Playing their first proper show at The Smell, LA, in April 2006, the band have continued Wives tradition of incendiary live shows, playing as frequently as possible, expounding a visceral energy on an equal footing with their recorded output, via guitar, drums, vocals and a minimal amount of effects. No Age’s music is deceptively simple in it’s construction, yet thoroughly compelling. Raw, considered and skilfully arranged, these eleven tracks are overflowing with ideas, ambition and intent.

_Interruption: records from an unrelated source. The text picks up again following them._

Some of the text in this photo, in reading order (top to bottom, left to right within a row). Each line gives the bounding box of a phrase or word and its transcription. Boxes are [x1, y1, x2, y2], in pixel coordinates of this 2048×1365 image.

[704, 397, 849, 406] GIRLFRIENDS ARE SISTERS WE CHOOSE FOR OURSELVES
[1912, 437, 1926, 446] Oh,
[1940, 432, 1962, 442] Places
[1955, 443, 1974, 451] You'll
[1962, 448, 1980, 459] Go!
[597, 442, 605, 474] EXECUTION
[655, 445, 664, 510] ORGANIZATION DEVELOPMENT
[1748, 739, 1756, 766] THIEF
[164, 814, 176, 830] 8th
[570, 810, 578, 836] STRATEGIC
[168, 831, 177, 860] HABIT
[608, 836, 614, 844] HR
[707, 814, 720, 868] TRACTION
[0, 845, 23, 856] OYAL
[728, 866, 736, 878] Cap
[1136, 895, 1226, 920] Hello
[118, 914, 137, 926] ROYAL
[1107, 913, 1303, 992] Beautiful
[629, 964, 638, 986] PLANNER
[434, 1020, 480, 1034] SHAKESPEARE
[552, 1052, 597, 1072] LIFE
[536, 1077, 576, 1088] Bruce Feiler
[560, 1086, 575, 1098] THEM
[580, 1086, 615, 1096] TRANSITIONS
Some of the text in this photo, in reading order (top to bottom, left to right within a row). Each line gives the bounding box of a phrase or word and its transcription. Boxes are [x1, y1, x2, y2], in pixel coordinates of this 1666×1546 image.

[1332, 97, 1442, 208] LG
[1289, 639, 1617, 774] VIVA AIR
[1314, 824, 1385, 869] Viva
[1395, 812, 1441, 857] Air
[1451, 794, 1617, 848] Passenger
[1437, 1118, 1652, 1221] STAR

Both Randy and Dean are also involved in a curatorial, social, and artistic sense with the aforementioned The Smell, an all ages space dedicated to underground music and art. Citing The Smell as seminal and inspirational to many, and at least partially responsible for the existence of both their bands to date, it’s a mutually supportive grass roots space reflecting No Age’s DIY ethic. It is this building that features on the front cover of the album. The band also make video, performance and visual art under the name No Age and by themselves, and recently curated the ‘Get Hurt’ exhibition in LA, featuring works by Devendra Banhart, Rich Jacobs, Ron Rege Jr., Matthew Thurber, Susan CianCiolo, and Ashley Macomber to name a few.